[[ TASK MATERIAL open ]]

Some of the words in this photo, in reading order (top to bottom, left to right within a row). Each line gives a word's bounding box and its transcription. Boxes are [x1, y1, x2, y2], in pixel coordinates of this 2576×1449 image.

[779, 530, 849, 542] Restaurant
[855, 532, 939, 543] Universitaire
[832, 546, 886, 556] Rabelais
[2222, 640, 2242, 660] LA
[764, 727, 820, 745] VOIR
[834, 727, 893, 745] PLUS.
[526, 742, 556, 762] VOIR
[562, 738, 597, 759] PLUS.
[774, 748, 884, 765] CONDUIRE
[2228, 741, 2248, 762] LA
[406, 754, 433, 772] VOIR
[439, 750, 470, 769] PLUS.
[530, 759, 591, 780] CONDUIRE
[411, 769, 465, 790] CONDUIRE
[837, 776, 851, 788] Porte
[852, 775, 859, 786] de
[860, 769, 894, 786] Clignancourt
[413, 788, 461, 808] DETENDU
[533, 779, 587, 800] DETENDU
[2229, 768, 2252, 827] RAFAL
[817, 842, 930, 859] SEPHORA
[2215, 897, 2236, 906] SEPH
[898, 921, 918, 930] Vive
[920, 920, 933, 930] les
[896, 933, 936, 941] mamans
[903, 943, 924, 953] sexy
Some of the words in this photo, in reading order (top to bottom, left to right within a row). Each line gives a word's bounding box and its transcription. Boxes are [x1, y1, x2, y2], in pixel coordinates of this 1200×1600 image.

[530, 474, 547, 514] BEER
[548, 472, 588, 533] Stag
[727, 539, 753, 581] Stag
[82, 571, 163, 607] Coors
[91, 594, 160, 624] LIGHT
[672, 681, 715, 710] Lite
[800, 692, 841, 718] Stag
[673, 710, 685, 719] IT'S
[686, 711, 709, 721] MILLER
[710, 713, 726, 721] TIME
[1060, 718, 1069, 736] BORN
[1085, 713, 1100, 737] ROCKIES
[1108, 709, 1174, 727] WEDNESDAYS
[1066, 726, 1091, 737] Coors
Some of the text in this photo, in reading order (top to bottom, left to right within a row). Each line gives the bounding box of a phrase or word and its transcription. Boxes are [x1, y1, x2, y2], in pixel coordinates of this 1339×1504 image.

[[ TASK MATERIAL closed ]]

Each record above has to be printed again, word for word.

> _EXERCISE RESULT_
Some of the words in this photo, in reading order (top to bottom, left to right within a row). Each line gives a word's bounding box and its transcription. Boxes are [x1, y1, x2, y2], in pixel coordinates of this 2576×1449 image.

[779, 530, 849, 542] Restaurant
[855, 532, 939, 543] Universitaire
[832, 546, 886, 556] Rabelais
[2222, 640, 2242, 660] LA
[764, 727, 820, 745] VOIR
[834, 727, 893, 745] PLUS.
[526, 742, 556, 762] VOIR
[562, 738, 597, 759] PLUS.
[774, 748, 884, 765] CONDUIRE
[2228, 741, 2248, 762] LA
[406, 754, 433, 772] VOIR
[439, 750, 470, 769] PLUS.
[530, 759, 591, 780] CONDUIRE
[411, 769, 465, 790] CONDUIRE
[837, 776, 851, 788] Porte
[852, 775, 859, 786] de
[860, 769, 894, 786] Clignancourt
[413, 788, 461, 808] DETENDU
[533, 779, 587, 800] DETENDU
[2229, 768, 2252, 827] RAFAL
[817, 842, 930, 859] SEPHORA
[2215, 897, 2236, 906] SEPH
[898, 921, 918, 930] Vive
[920, 920, 933, 930] les
[896, 933, 936, 941] mamans
[903, 943, 924, 953] sexy
Some of the words in this photo, in reading order (top to bottom, left to right within a row). Each line gives a word's bounding box and its transcription. Boxes are [x1, y1, x2, y2], in pixel coordinates of this 1200×1600 image.

[530, 474, 547, 514] BEER
[548, 472, 588, 533] Stag
[727, 539, 753, 581] Stag
[82, 571, 163, 607] Coors
[91, 594, 160, 624] LIGHT
[672, 681, 715, 710] Lite
[800, 692, 841, 718] Stag
[673, 710, 685, 719] IT'S
[686, 711, 709, 721] MILLER
[710, 713, 726, 721] TIME
[1060, 718, 1069, 736] BORN
[1085, 713, 1100, 737] ROCKIES
[1108, 709, 1174, 727] WEDNESDAYS
[1066, 726, 1091, 737] Coors
Some of the text in this photo, in reading order (top to bottom, left to right within a row). Each line gives the bounding box of a phrase or word and its transcription. Boxes are [x1, y1, x2, y2], in pixel coordinates of this 1339×1504 image.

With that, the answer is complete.